__What is expected__.
Restate the data below word for word, omitting pictures.

__Image-backed grounding data__.
________

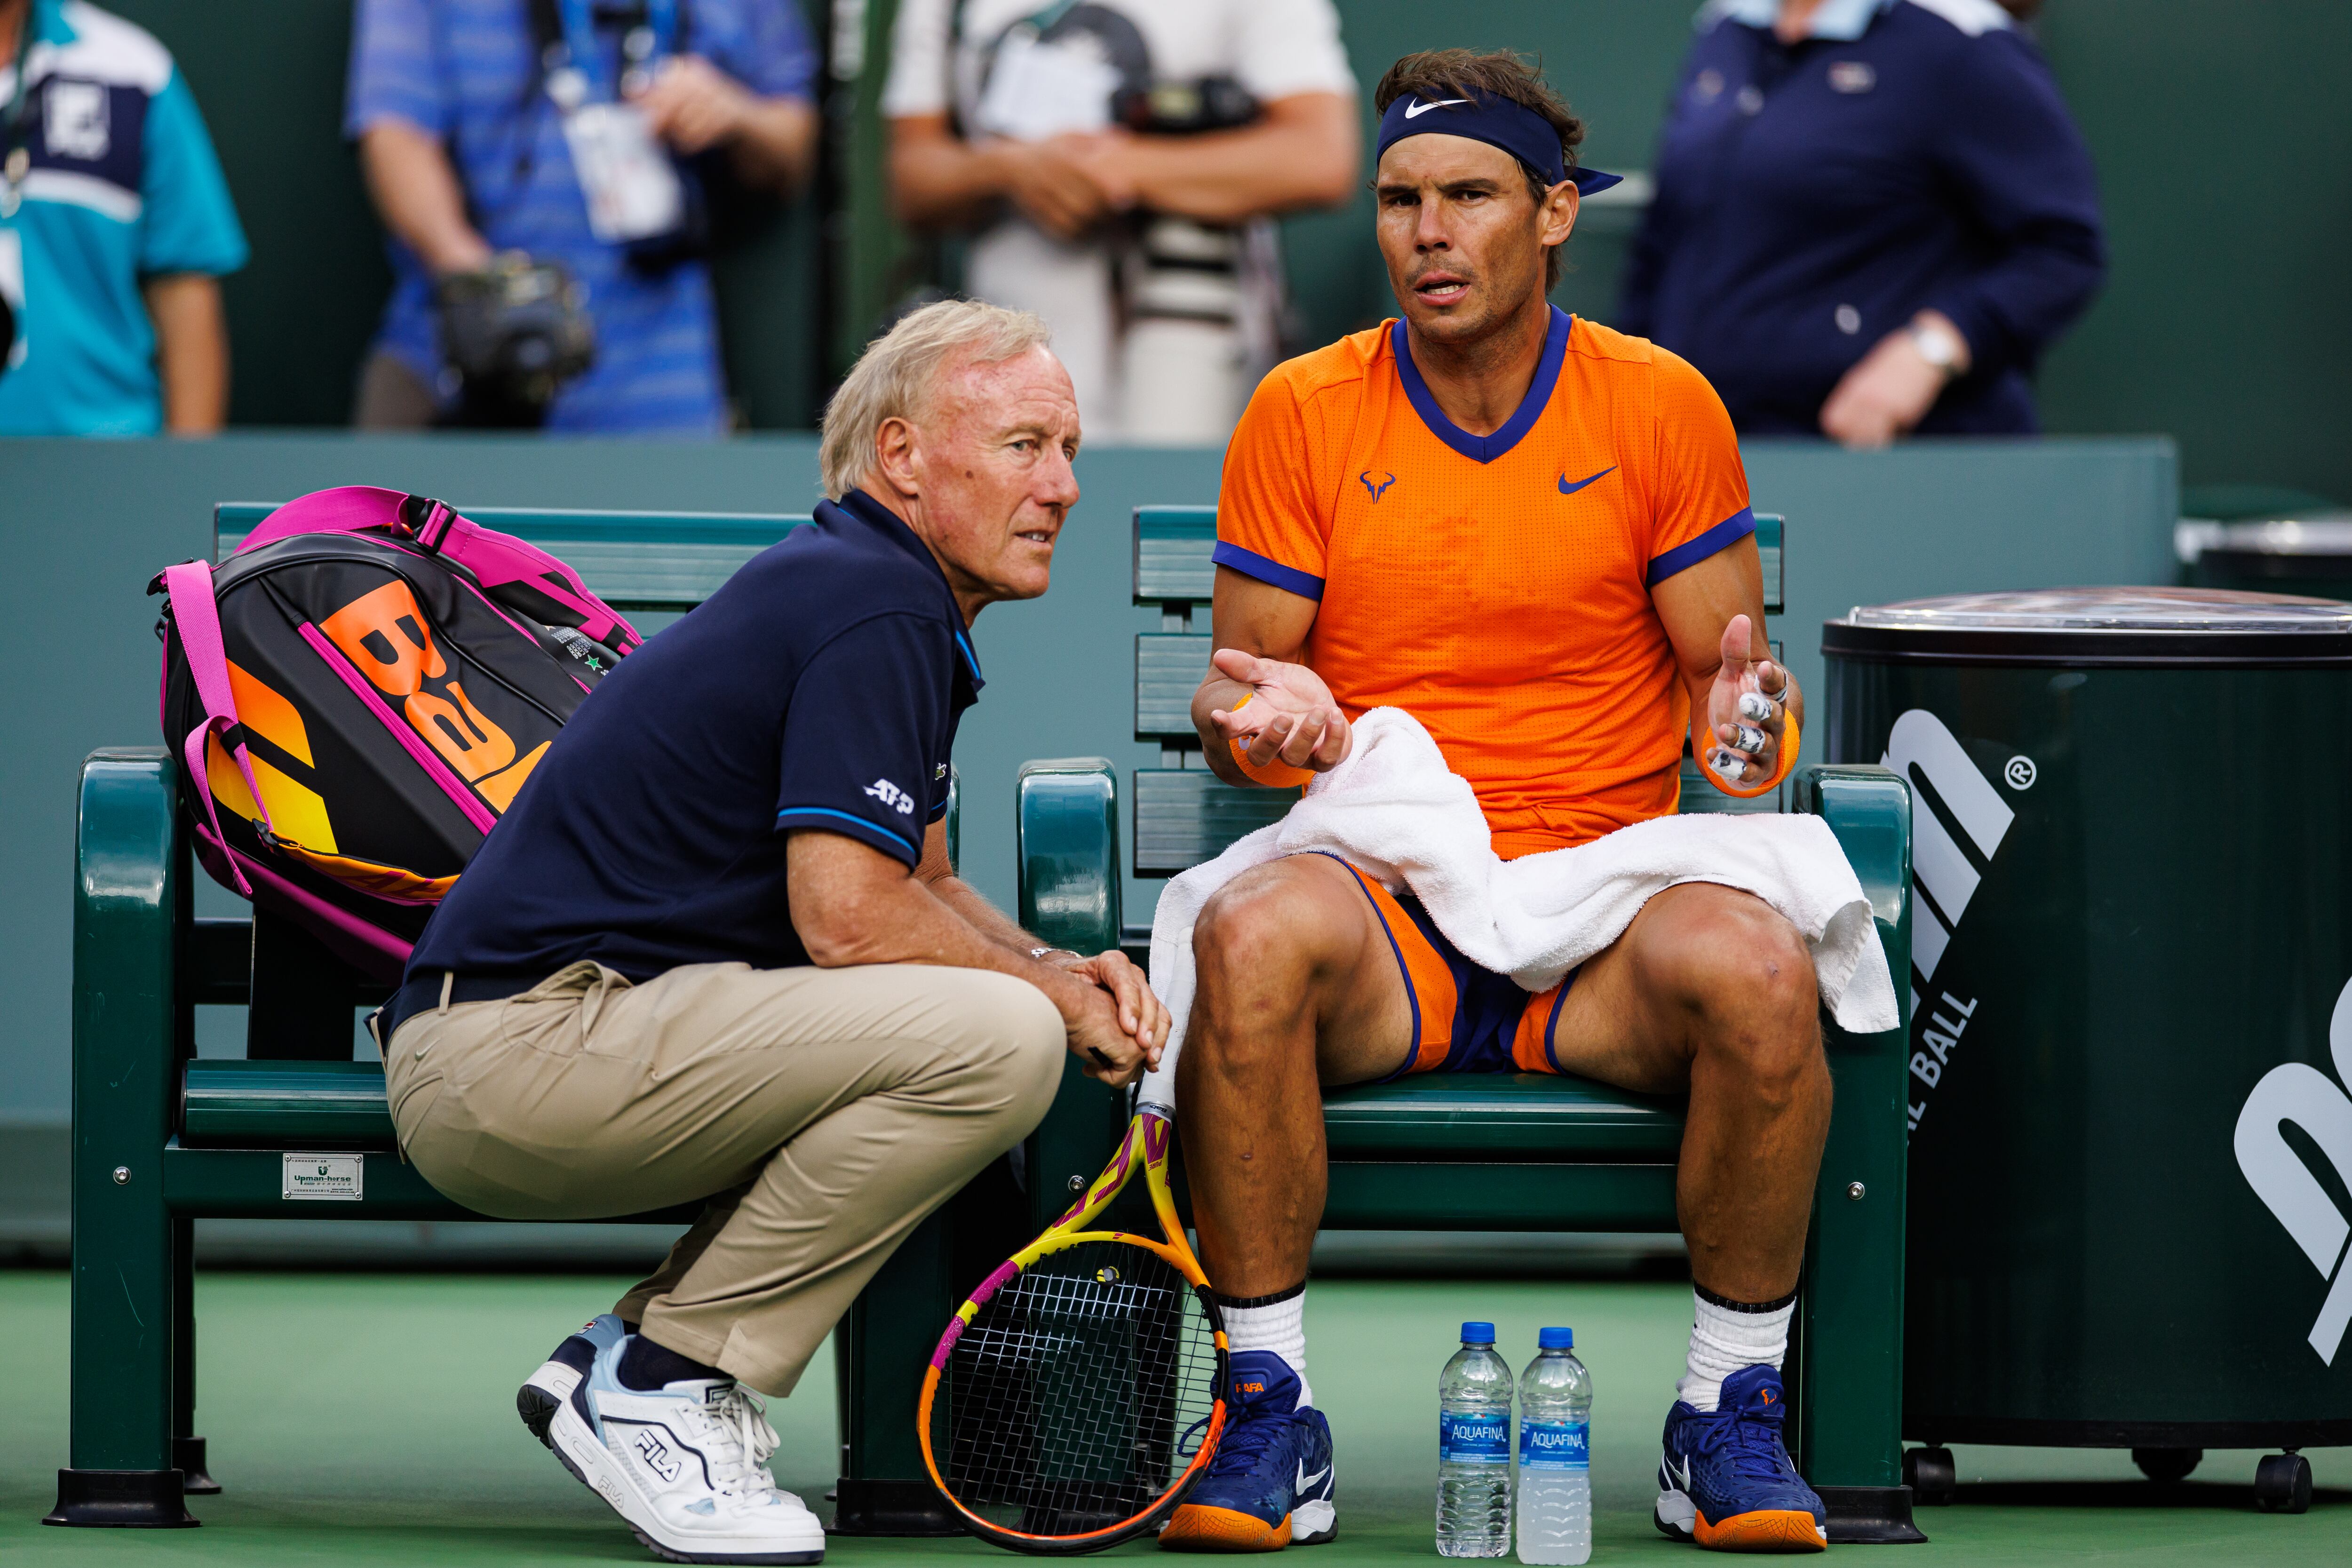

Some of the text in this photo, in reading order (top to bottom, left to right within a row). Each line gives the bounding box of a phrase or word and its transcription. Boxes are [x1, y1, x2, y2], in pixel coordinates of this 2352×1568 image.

[567, 645, 578, 659] 2005
[570, 644, 582, 657] 2006
[572, 642, 585, 655] 2007
[863, 778, 914, 814] ATP
[1909, 991, 1978, 1089] BALL
[1148, 1160, 1162, 1171] PURE
[294, 1175, 351, 1185] Upman-horse
[1235, 1382, 1264, 1393] RAFA
[1210, 1425, 1218, 1443] SPIN
[1452, 1425, 1505, 1442] AQUAFINA
[1531, 1432, 1584, 1449] AQUAFINA
[635, 1429, 681, 1482] FILA
[598, 1475, 624, 1509] FILA

________

__Output for this exercise__.
Some of the text in this photo, in reading order (top to bottom, left to right within a row). Each line gives the bounding box of a phrase or word and its transcription. Boxes are [x1, y1, x2, y2], in pixel coordinates of this 2352×1568 image.

[567, 645, 578, 659] 2005
[570, 644, 582, 657] 2006
[572, 642, 585, 655] 2007
[863, 778, 914, 814] ATP
[1909, 991, 1978, 1089] BALL
[1148, 1160, 1162, 1171] PURE
[294, 1175, 351, 1185] Upman-horse
[1235, 1382, 1264, 1393] RAFA
[1210, 1425, 1218, 1443] SPIN
[1452, 1425, 1505, 1442] AQUAFINA
[1531, 1432, 1584, 1449] AQUAFINA
[635, 1429, 681, 1482] FILA
[598, 1475, 624, 1509] FILA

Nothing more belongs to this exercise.